Oh, shit, Michael thought. This is not good. “Patch me into the command AI.”
“Why would-”
“Because you want to live, you idiot! Now do it.”
“Okay, okay.”
It took Michael only seconds to see the damage for himself. The command pilot had not been exaggerating. The shuttle was doomed. Without hydraulics, the wings would stay fully retracted, and no wings meant no control as the air thickened. The problem was that the pilot had to do two things at once: keep the shuttle stable and slow down. If he failed, the shuttle would disintegrate and they were both dead men.
“Damn, damn, damn,” Michael swore under his breath. If only … An idea popped fully formed into his head. Michael put it to the AI, and ten seconds later he had his answer. It would be touch and go, but they might still have a chance.
“Captain,” he said. “Can you bring the starboard main engine back online?”
“I can, though it’s not in very good shape. I don’t know how long it’ll hold up.”
“We won’t need it for long. How’s the reaction control system?”
“The RCS is nominal, unlike everything else.”

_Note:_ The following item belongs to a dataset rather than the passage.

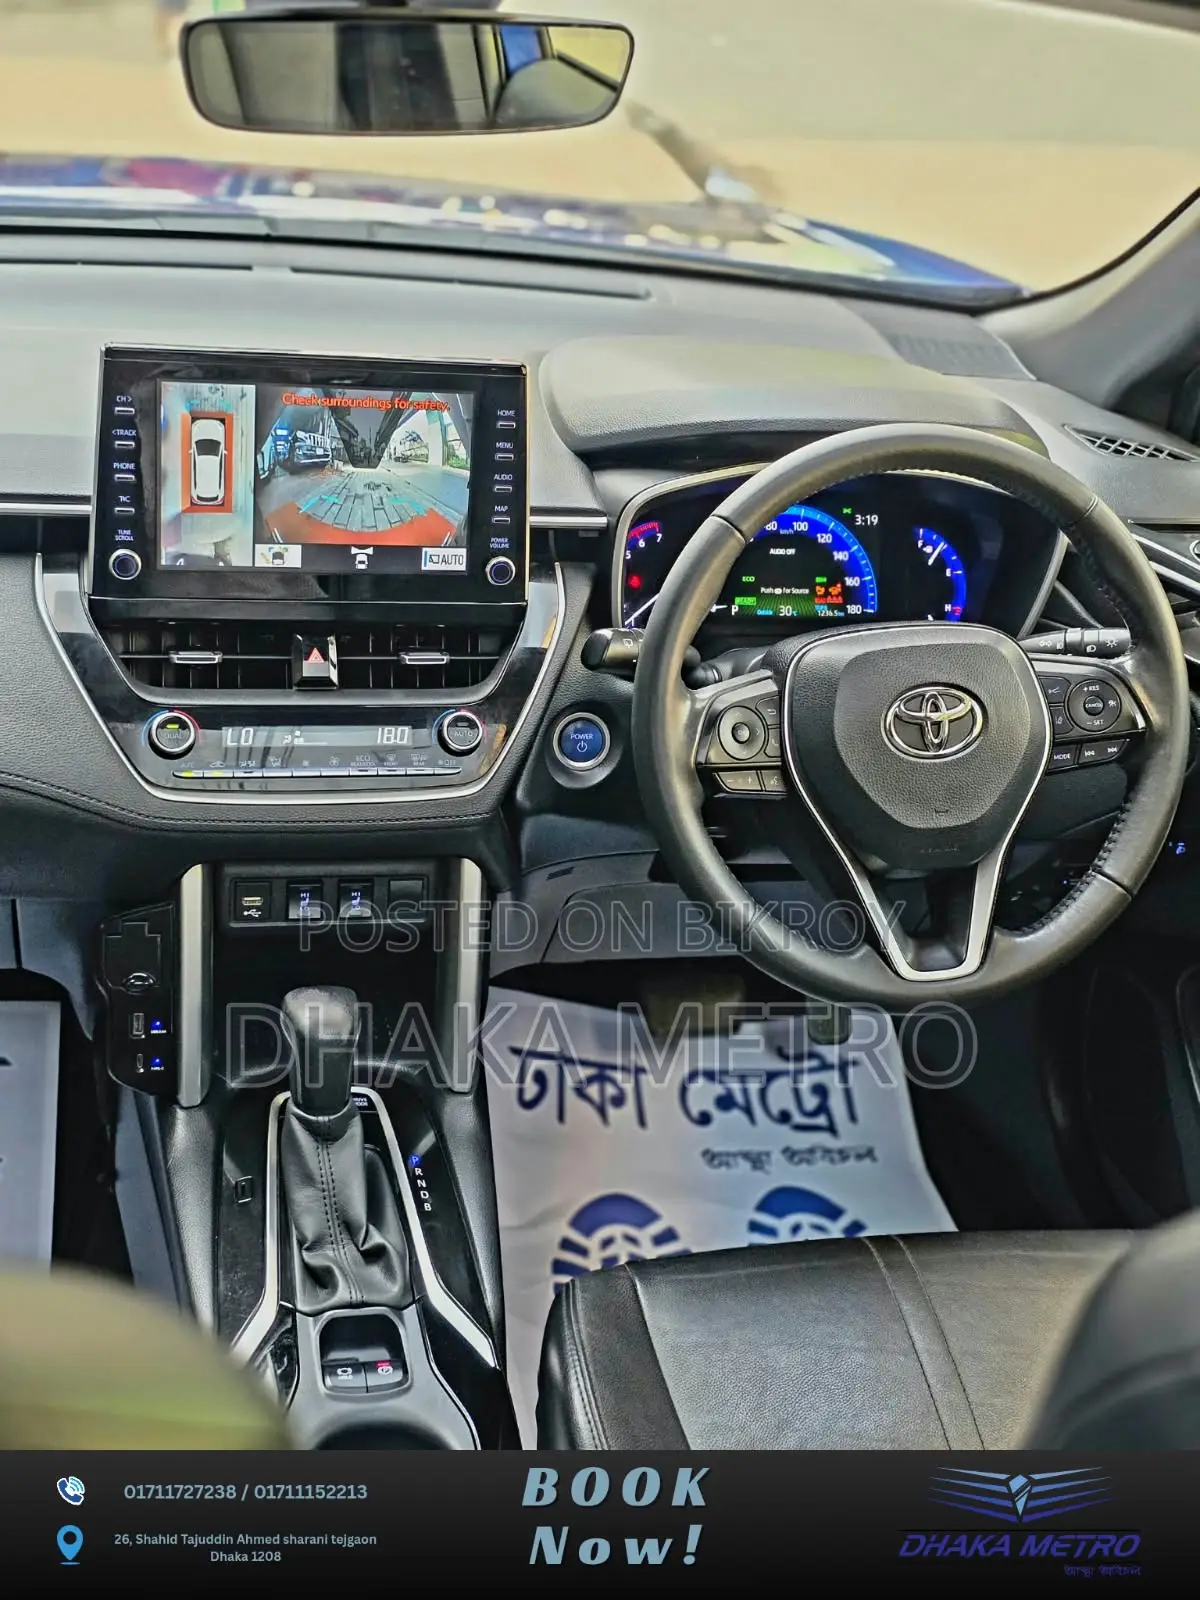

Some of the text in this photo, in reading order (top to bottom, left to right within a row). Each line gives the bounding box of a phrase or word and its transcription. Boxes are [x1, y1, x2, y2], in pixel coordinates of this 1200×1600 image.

“Okay; I think there’s something we can do.”
Hope brightened the man’s eyes. “There is?”
Michael forwarded the AI’s analysis. “Have a look at this,” he said. “The AI thinks it’ll work.”

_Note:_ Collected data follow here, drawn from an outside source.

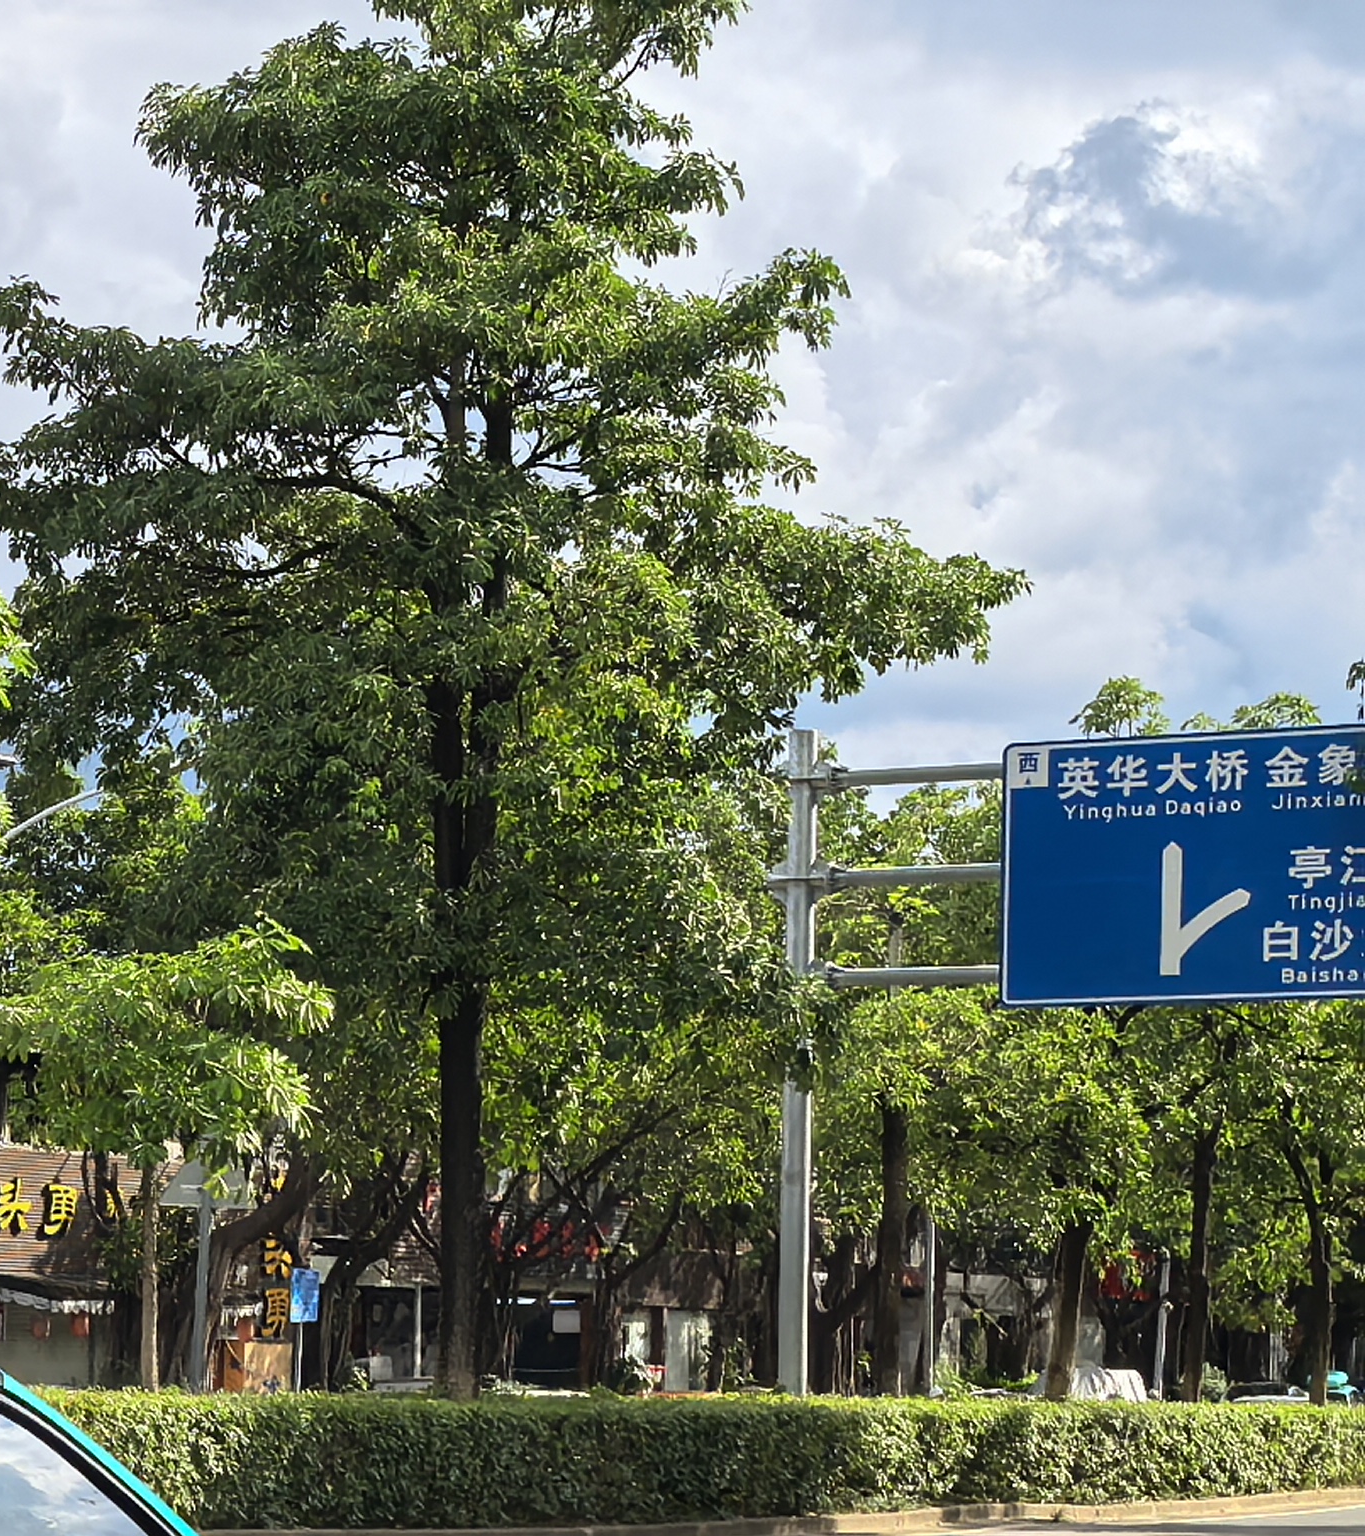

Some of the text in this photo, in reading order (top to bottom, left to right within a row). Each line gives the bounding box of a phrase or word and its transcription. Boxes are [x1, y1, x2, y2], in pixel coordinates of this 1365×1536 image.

[1018, 752, 1041, 774] 西
[1057, 749, 1250, 800] 英华大桥
[1063, 803, 1157, 823] Yinghua
[1165, 797, 1243, 817] Daqiao
[1262, 918, 1365, 962] 白沙

“Mmm,” the pilot said. “Not sure if the RCS can keep us stable long enough, but I can use the main engine to vector the thrust, which will help. Anyway, it’s worth a try.”
Michael nodded. “Sure is,” he said. “Hey, look. I’m sorry about the Captain Asswipe thing. What’s your name?”
“Karroubi, Jakob Karroubi.”
“Good luck, Jakob.”
Michael sat back and patched his neuronics into the holocam behind Karroubi. It was if he were sitting on the pilot’s shoulder. He looked at the same screens, the same status boards, the same everything. It was unnerving, and for a moment Michael felt for the man. With the crippled shuttle now plummeting earthward, he had a huge challenge on his hands.
Karroubi fired the reaction jets to spin the shuttle around. Now the stern faced the onrushing air. A fresh set of alarms bleated in protest at a maneuver that appeared in no manual Michael had ever read. “Stand by,” the command pilot called. “This will be very rough.”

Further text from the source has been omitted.